All of these questions a knowledgeable, quality lbs employee will ask you.

When I first started on this site (which I absolutely love, dont get me wrong), everyone told me to go LBS for my first bike.

The guy at the local LBS proceeded to show me a $2500 bike that was the wrong size and was full of components I didnt need. This after telling him I was new to the sport and could only spend about $600.

I bought a used bike through Craigslist for $400, have since upgraded it myself with over a grand in upgrades, and am very thankful for my decision.

Know this: I speak to Moto owners all the time at my XC races (as I may buy one someday), and every single one of them LOVES their bike. Not "oh its a good bike", but "I really LOVE my bike."

Good luck and keep us up to date.


----------



## mrmas (Jan 18, 2010)

My LBS are't too good either which is why I do my homework and buy online. I am sure there are alot of good shops out there, just not in my area.


----------



## DennisF (Nov 4, 2011)

br5291 said:


> Thanks to all for the advice. I'm leaning toward the trek, but haven't decided yet. Glad I found this website before I bought.


Yeah, take your time and look around. If you're like most people you have something to ride until you decide, plus if your weather is like ours....

Sorry if I further confuse the issue, but another option is REI. I have a friend with one of their lower-end house-brand Novaras. I rode it quite a bit and not a bad bike at all. A bit heavy I felt, but good components and nice rigid feel. And his bike is old. The newer ones at the price point you are at may be lighter. If you can get to an REI store that would get you mail order prices with live human support.


----------



## jaynestown (Oct 23, 2011)

If you're not comfortable working on bikes yourself yet, I'd go with the Trek. With BikesDirect, you may have an easy time or a very difficult time putting together a fully functional bike. It's a coin toss.

I owned a Motobecane 26er, which I really have no complaints about, but I bought it on Craigslist. There's no telling if it ran smooth out of the box or if someone really twisted their nuts in a vice to get it that way. 

In any case, I prefer Trek because I'm a brand whore and I like supporting my LBS.


----------



## mimi1885 (Aug 12, 2006)

br5291, if you are a NuB and this would be your first bike then you may want to go with LBS route. However if you are up to the challenge the BD is not a wrong way to go either. 

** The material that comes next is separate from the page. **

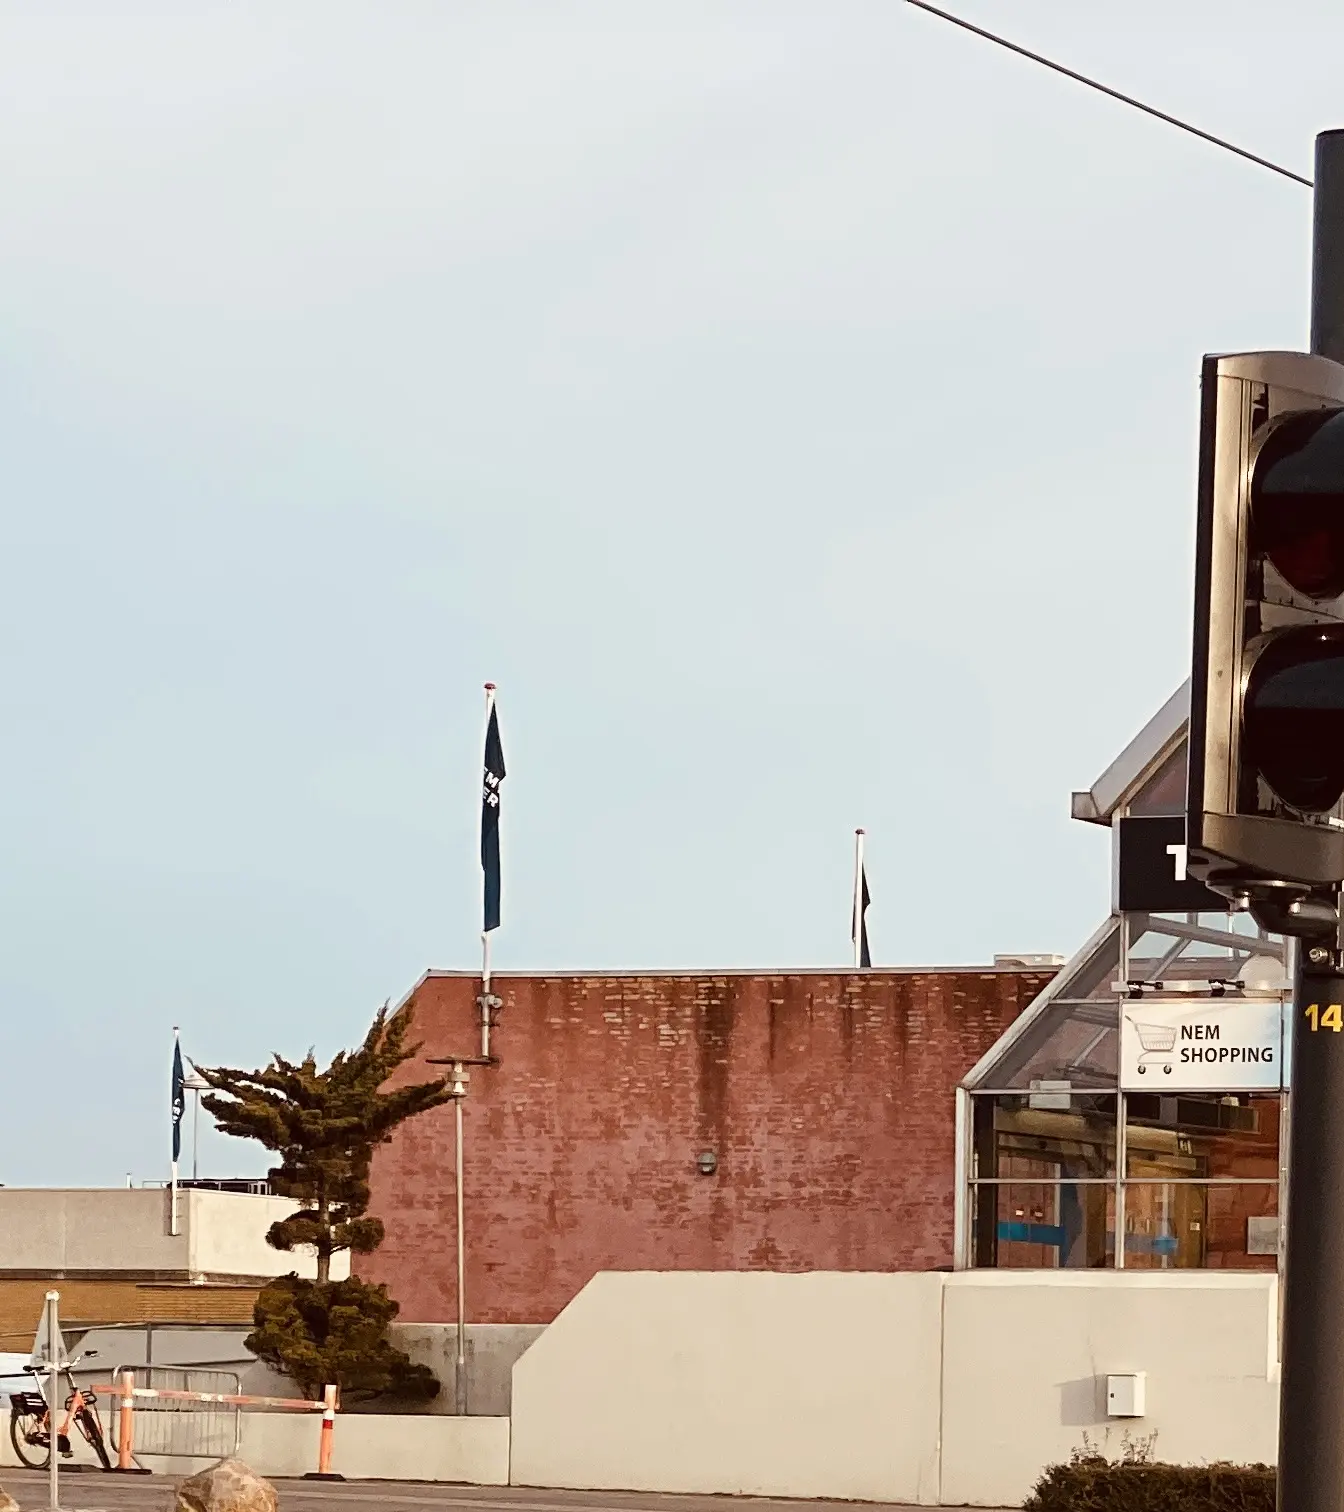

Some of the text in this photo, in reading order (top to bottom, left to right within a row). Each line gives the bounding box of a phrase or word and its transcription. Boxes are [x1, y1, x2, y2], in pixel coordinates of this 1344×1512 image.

[1305, 1004, 1343, 1032] 14
[1181, 1025, 1220, 1040] NEM
[1180, 1047, 1273, 1063] SHOPPING

Forget the MSRP, you are not going to make any more than your $900 spent if you part out all the parts, so at best you are getting about $900 worth of bike from BD.

If you google Trek Mumba you'd see that some are as low as $700 check your LBS for end of model year sales or ask if they have any sales. Some LBS would match online price( so I've heard) but I would not ask them right up front. 

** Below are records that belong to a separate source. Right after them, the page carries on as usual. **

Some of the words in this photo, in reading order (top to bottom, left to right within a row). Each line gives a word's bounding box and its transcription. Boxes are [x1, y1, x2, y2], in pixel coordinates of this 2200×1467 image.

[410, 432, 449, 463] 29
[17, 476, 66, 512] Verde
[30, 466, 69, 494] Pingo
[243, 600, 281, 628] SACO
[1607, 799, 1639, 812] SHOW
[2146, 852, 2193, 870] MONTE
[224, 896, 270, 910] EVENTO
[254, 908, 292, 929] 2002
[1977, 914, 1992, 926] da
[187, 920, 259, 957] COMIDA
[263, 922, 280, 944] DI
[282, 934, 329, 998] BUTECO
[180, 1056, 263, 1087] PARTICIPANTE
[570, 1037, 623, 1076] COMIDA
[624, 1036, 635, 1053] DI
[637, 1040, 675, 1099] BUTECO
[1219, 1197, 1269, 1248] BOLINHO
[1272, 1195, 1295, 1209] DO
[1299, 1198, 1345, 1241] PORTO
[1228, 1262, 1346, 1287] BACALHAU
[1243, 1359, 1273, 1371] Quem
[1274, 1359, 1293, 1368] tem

If I'm in a market for a complete bike from my LBS I'd do my home work on a few models and the price range offered online then I'd go to the LBS and ask first what service comes with the bike if you buy from them some would say free 6 mo-1 year tune up, some would have lifetime tune up, and discount on accessories, then I'd talk price. If you paid for the bike then it may not be included.

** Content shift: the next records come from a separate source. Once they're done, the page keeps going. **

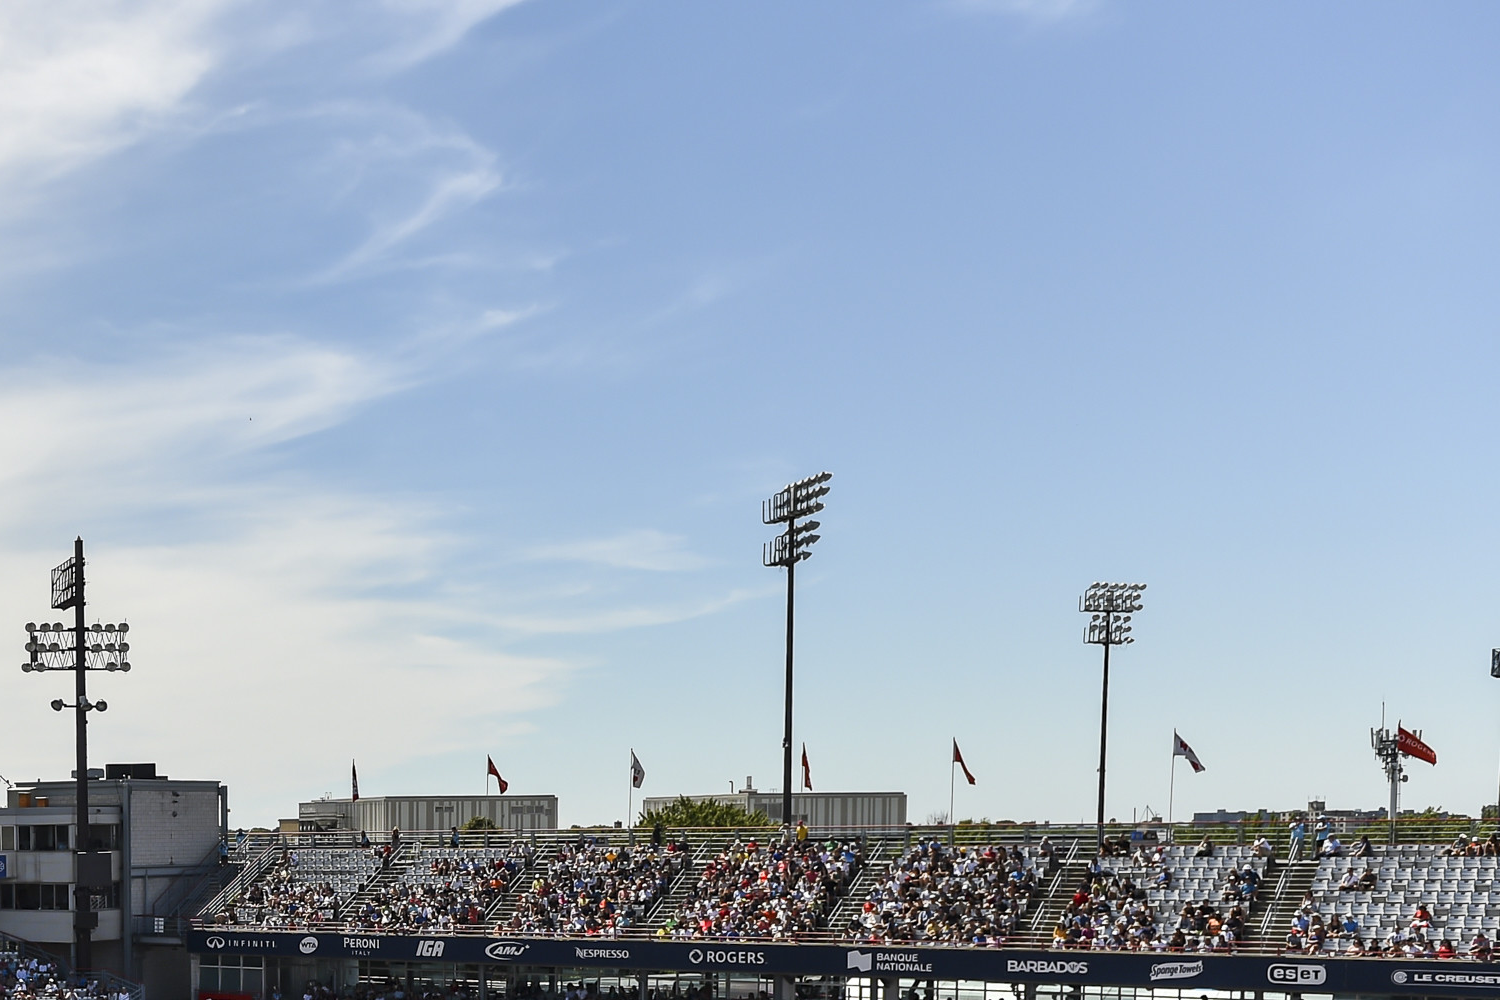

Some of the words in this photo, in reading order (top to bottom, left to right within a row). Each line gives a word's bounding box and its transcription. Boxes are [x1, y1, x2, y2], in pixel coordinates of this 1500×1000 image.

[228, 939, 276, 949] INFINITI
[301, 940, 316, 949] WTA
[343, 937, 380, 949] PERONI
[415, 940, 445, 957] IGA
[493, 946, 525, 956] AMJ
[574, 946, 630, 959] NESPRESSO
[706, 950, 765, 964] ROGERS
[876, 952, 919, 963] BANQUE
[876, 962, 932, 973] NATIONALE
[1007, 959, 1088, 974] BARBADOS
[1413, 973, 1433, 982] LE

Many times I'd check first from one of my LBS for parts/apperels and sure enough I'd get it even cheaper than some online price + shipping and I just simply ask them if they'd work with me on the price nothing specific they did all the dealling for me

You'd not be able to tell the difference between the low to mid to high end parts anyways and the urge to upgrade would be irresistable after a few months of riding even with the better tier parts from BD so it make no difference Have fun shopping


----------



## uzyrmind (Nov 17, 2011)

I just got my bike from BD last week and can say I feel like I got a great deal.......However, it had a pretty bad bent front rotor, a bent shifter, and the front derailleur needed major adjustment. After adjusting everything the best I could, it still had to go to the shop today. Lucky for me our LBS is awesome and it was dirt cheap to fix. I suppose for me "piece of mind" trumps the good bargain, so I'll probably leave the on-line shopping for water bottles and go to the local shop next time for a complete bike.


----------



## Surfacecreations (Sep 8, 2011)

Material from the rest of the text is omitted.